The metaclasses I've used have been primarily to support a sort of declarative style of programming. For instance, consider a validation schema:
class Registration(schema.Schema):
first_name = validators.String(notEmpty=True)
last_name = validators.String(notEmpty=True)
mi = validators.MaxLength(1)
class Numbers(foreach.ForEach):
class Number(schema.Schema):
type = validators.OneOf(['home', 'work'])
phone_number = validators.PhoneNumber()
Hopefully you can imagine what that schema means from the class
statement, even if you wouldn't know exactly how to use it. In another
system this might look like:
registration = schema.Schema()
registration.add_field(
'first_name', validators.String(not_empty=True))
...
optparse
is an example of this style.
Anyway, while metaclasses are useful here, their use is very minimal. This is a metaclass you could use for something like this:
class DeclarativeMeta(type):
def __new__(meta, class_name, bases, new_attrs):
cls = type.__new__(meta, class_name, bases, new_attrs)

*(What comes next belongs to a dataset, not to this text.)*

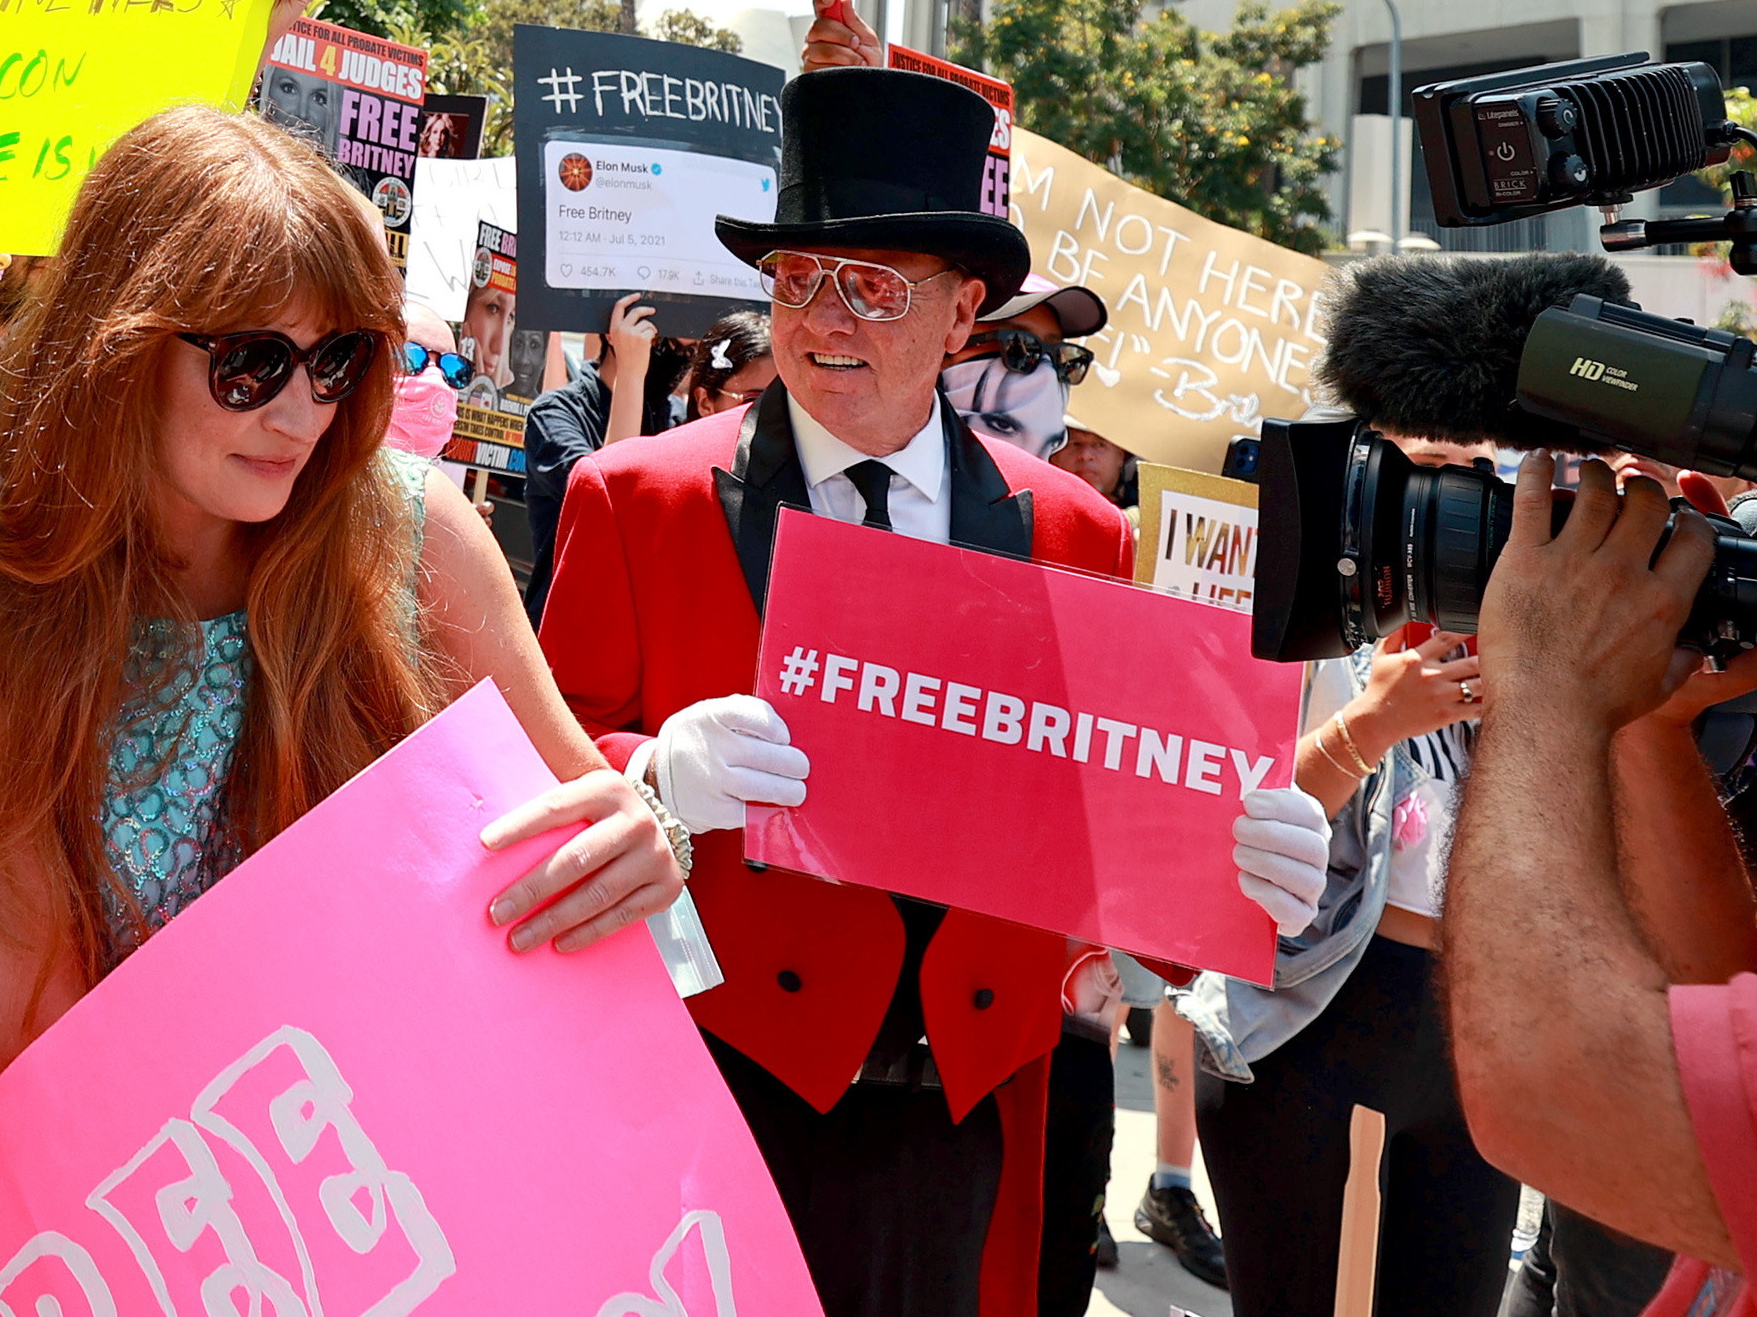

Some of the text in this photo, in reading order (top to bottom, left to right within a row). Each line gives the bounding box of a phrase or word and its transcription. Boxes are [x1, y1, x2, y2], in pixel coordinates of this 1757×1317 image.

cls.__classinit__.im_func(cls, new_attrs)
return cls
class Declarative(object):
__metaclass__ = DeclarativeMeta
def __classinit__(cls, new_attrs): pass
The basic idea is just to run a function (__classinit__) on
the class when the class is created. For something like the schema, I
then go through the new attributes and see if any of them are "magic",
like:
class Schema(Declarative):
fields = {}
def __classinit__(cls, new_attrs):
cls.fields = cls.fields.copy()
for name, value in new_attrs.items():
if isinstance(value, validators.ValidatorBaseClass):
cls.add_field(name, value)
@classmethod
def add_field(cls, name, field):
cls.fields[name] = field
field.name = name
Basically I'm just indexing and naming the attributes in this case,
which is actually all I'm likely to need to do. Also note that
add_field allows me to continue to modify the class at
runtime, which allows for all sorts of metaprogramming down the
road. In SQLObject I use this
when determining columns from the database, then adding the column
objects using this class method.
The end result is something that I find aesthetically pleasing to use, and avoids a lot of boilerplate. At the same time, I think it's fairly easy to understand, without getting caught up in the mysterious aspects of metaclasses.